We may have been battered and bruised by the global crisis but we are not going to roll over and die. The land is green and the sun shineth.
Energy
I have said repeatedly that if we are to secure our future on the global market, we have to achieve global competitiveness. The Jamaican Brand is strong. Our musicians and our athletes have ensured that the world will have to grow tired of seeing our face or hearing us. But the strength of our brand is not enough. We must be able to offer products of value at competitive prices. And in order to do that, we have to deal with the high cost of our energy. It is critical to our manufacturing sector in which I have an abiding faith. It is vital to agro-processing which holds the key to continued growth in agriculture.

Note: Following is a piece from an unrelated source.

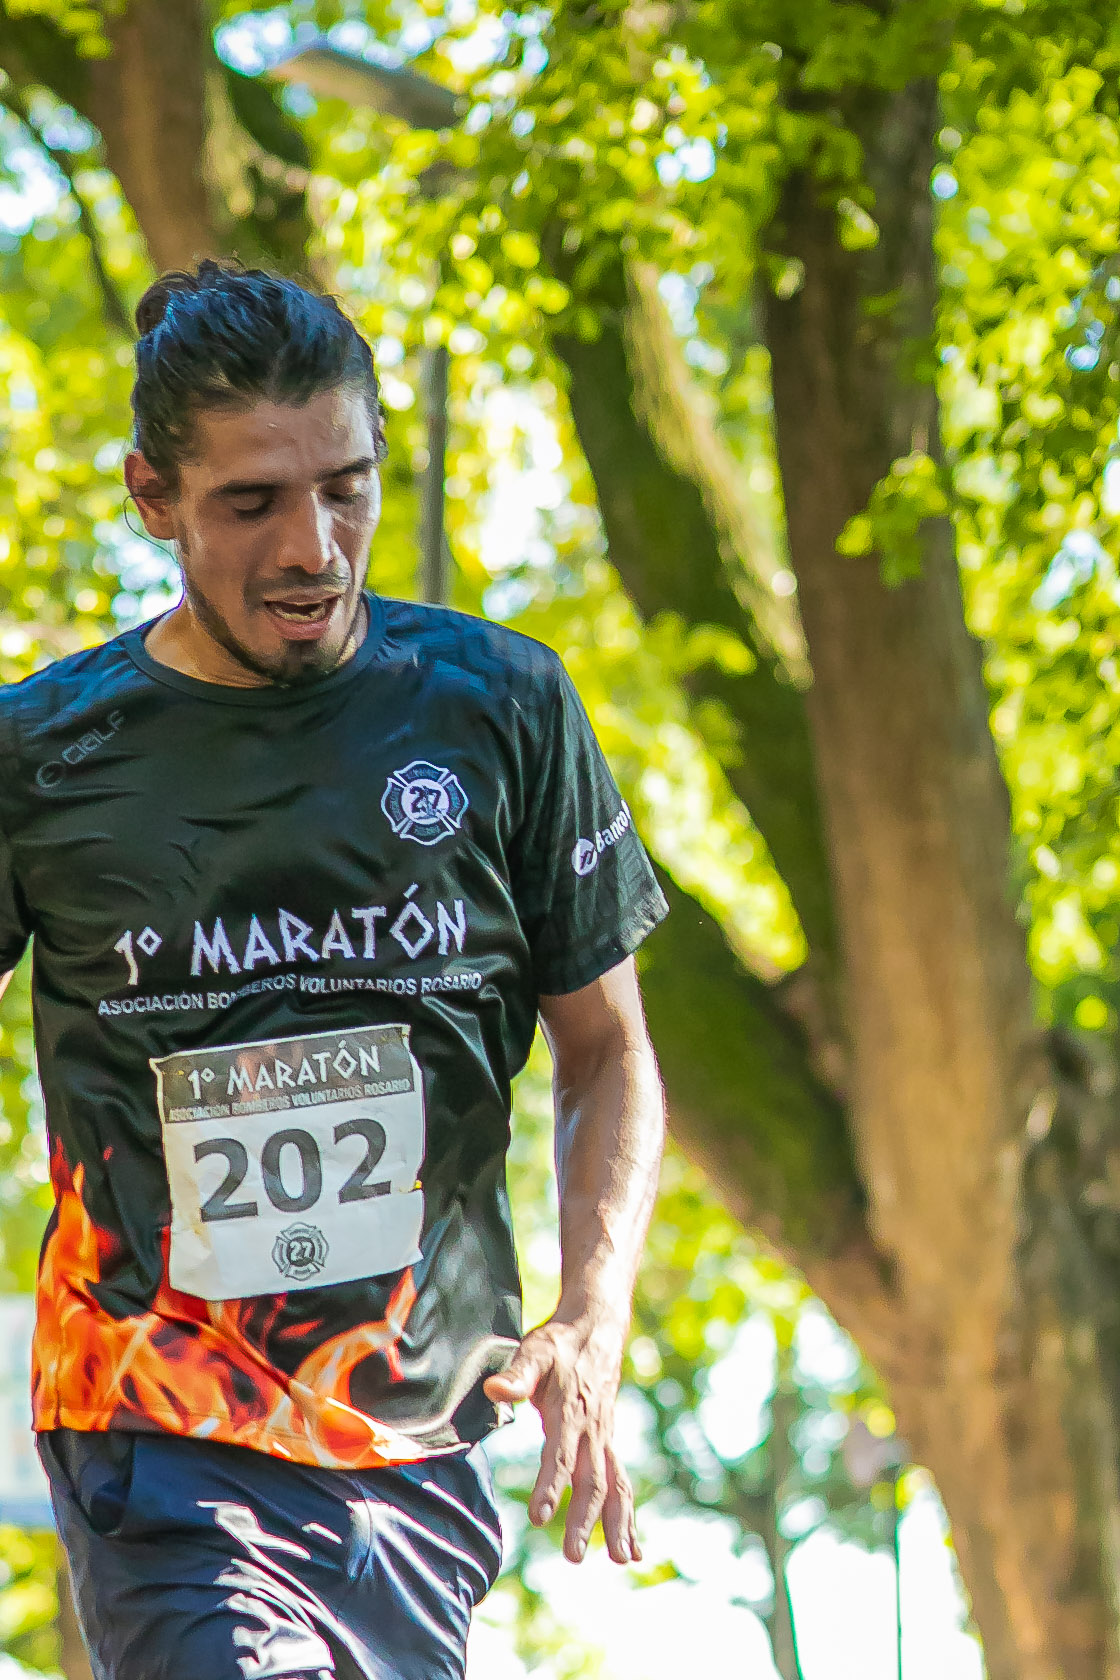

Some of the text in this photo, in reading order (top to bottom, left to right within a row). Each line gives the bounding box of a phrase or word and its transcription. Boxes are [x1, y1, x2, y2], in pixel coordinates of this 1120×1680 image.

Last year, the Member for West Central St. James in his capacity then as Minister responsible for energy tabled a Green Paper on a National Energy Policy. The new Minister of Energy and Mining has completed the work that he started. It has been the subject of detailed discussions and consultations.
Last week, I had extensive discussions with the Minister and his team and the final submission to Cabinet will be made within the next two weeks. Thereafter, it will be presented to Parliament.
I am pleased with the work that has been done. Once approved, we will proceed to negotiate and secure long term supply contracts for natural gas and we will then invite tenders for investors to establish the Floating Storage and Regasification Unit that is the recommended option.
Our commitment and the national imperative
I have signalled the direction in which our circumstances and the bitter experience of several years demand that we go if we are to secure our future, if we are to see the kind of growth and development that has for so long eluded us but which is within our capacity as a people to achieve.
The actions that we must take, the adjustments that we must make are not all going to be easy or painless. Yet, we have a choice. We can shirk from our responsibilities; we can do what appears to be easy and palatable - what we have done so many times before - and remain in the expedient comfort of life support. That, I suggest, is not a choice we can afford to take.
Accustomed as we have become to short-term palliatives, we are finding out that the duration of their effectiveness is becoming shorter and shorter and the damage that they do to our system is becoming more and more severe.
The political risks, I know, are there but there is little in life that is worth striving for or can be achieved without taking risks.
To the Jamaican people, I say I know the difficult times you are going through: the breadwinner who has lost a job, the mother who struggles every day to send her children to school and find dinner for them when they come home, the communities that cry out for a little water and better roads.
This is not the way we had planned it. The global recession was not part of our Manifesto but it has become part of the problem we must overcome, a huge hurdle over which we must stride.
It is a hard road to travel and it might be a mighty long way to go. But our courage is strong, our vision is not blurred and our mission is even clearer now than it was before. With God's help, we will smile at the storm and we will make Jamaica a better place for all our people.